Oxygen is a fundamental factor for ecosystem functioning that has varied dramatically through the aeons, leading to significant extinctions and modulation of marine communities.
Climate change and anthropogenic pressures, such as eutrophication, have contributed substantially to ocean deoxygenation and exacerbated hypoxia levels, impacting the behaviour, physiology, and ecology of marine life.
This is particularly true for productive marine ecosystems that are often characterized by seasonal and diel fluctuations of oxygen.

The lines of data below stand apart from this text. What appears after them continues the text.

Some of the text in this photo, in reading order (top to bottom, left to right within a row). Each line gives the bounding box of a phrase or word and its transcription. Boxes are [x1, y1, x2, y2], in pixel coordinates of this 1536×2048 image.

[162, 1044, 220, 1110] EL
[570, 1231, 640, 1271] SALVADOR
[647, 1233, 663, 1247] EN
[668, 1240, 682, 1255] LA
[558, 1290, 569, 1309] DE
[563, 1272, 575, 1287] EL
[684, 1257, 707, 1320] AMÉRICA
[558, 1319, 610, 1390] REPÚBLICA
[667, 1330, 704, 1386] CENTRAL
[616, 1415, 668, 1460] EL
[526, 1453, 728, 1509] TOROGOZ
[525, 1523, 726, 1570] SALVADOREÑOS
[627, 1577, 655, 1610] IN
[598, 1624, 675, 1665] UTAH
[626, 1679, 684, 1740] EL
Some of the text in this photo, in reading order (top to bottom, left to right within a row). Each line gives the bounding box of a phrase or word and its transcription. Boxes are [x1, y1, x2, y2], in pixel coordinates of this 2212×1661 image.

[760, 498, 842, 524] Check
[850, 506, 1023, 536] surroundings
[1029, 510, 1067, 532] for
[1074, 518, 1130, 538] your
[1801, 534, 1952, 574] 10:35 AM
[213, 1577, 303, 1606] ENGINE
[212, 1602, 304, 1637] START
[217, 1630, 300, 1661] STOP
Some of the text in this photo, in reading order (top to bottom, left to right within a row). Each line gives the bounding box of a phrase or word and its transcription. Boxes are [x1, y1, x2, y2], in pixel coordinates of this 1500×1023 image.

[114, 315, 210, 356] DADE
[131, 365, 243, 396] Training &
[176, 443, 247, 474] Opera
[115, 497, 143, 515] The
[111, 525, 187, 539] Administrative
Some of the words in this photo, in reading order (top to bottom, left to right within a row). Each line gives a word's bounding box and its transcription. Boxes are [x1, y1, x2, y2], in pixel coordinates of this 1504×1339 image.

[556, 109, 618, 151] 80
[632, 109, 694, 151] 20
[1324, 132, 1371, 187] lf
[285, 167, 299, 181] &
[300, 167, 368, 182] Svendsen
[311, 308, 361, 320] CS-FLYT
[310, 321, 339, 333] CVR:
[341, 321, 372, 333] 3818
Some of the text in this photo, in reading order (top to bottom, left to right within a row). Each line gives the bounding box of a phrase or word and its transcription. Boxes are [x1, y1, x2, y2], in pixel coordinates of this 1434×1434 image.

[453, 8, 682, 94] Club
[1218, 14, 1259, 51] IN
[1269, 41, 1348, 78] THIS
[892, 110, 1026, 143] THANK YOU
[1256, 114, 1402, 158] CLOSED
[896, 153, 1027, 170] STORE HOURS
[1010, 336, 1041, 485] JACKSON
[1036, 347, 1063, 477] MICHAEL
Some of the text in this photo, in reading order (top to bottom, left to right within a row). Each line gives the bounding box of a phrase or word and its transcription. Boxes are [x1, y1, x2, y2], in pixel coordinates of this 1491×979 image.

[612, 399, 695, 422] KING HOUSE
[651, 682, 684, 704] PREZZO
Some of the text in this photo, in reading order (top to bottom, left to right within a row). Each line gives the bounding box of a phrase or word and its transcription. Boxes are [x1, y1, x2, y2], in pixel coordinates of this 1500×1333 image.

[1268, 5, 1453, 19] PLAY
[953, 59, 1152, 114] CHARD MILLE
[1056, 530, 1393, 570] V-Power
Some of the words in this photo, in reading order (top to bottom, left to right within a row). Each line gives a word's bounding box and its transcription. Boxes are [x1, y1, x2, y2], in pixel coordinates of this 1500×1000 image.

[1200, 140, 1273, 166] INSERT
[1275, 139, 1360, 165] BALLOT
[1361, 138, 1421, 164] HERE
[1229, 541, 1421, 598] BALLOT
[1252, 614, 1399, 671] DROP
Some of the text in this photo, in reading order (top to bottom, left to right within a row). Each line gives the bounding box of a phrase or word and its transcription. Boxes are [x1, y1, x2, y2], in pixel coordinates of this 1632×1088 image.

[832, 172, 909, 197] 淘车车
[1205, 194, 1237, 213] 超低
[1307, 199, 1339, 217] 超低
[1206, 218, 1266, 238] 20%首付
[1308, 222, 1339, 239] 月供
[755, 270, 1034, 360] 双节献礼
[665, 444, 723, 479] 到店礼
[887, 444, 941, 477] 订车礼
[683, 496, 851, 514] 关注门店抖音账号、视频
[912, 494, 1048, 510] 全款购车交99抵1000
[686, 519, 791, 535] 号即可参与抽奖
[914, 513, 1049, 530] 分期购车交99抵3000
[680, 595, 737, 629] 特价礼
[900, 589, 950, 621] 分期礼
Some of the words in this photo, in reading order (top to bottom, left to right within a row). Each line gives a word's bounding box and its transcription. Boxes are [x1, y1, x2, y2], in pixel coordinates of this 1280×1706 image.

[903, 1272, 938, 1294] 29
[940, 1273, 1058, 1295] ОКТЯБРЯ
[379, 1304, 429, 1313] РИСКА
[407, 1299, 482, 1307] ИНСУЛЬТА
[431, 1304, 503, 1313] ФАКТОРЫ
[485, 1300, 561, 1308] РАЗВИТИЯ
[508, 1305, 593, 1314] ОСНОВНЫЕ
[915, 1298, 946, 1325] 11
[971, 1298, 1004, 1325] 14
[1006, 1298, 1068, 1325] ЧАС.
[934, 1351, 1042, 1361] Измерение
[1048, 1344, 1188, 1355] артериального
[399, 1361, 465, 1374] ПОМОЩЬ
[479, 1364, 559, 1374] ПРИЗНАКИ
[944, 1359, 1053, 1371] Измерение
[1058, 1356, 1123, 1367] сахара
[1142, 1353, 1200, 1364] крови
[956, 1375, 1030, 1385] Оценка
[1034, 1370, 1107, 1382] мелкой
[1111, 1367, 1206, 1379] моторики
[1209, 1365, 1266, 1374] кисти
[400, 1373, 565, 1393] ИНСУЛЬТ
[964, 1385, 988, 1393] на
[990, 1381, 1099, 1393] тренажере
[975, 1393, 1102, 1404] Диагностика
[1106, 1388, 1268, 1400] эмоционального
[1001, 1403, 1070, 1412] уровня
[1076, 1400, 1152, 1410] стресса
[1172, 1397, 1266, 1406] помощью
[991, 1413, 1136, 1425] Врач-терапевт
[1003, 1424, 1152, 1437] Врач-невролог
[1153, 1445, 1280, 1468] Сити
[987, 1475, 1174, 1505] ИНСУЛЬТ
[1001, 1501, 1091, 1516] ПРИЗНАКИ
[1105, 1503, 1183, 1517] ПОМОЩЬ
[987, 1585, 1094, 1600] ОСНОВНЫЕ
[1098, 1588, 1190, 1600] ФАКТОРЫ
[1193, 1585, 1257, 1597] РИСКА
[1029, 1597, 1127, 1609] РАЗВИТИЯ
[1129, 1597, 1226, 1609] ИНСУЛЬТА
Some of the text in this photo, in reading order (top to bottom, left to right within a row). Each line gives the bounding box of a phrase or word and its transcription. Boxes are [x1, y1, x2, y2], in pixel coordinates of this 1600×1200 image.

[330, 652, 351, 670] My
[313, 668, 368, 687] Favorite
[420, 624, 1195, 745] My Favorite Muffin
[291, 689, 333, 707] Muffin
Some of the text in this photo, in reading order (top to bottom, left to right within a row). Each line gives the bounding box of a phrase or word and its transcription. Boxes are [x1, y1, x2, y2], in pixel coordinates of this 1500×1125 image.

Marine ecosystems, such as coral reefs, mangroves, and seagrasses, experience different daily oxygen conditions ranging from hyperoxia to anoxia.
Changing oxygen regimes on coral reefs have been exacerbated by anthropogenic factors at different spatiotemporal scales.
This variation affects the productivity, respiration, and calcification of reefs, and influences the interaction between corals, mutualists, competitors, and pathogens. To date, research has predominantly focused on deoxygenation and hypoxia.
Conversely, the study of the impacts of oxygen fluctuations at an ecologically relevant scale on coral reefs has received far less attention.
Therefore, in this PhD project I will identify and model the predictability, periodicity and magnitude of oxygen fluctuations in global coral reefs through time series analyses.
The information obtained will then be used to assess the impacts of oxygen fluctuations on coral ontogeny and reef organisms by using Trapezia crabs and Alpheus shrimps as model organisms.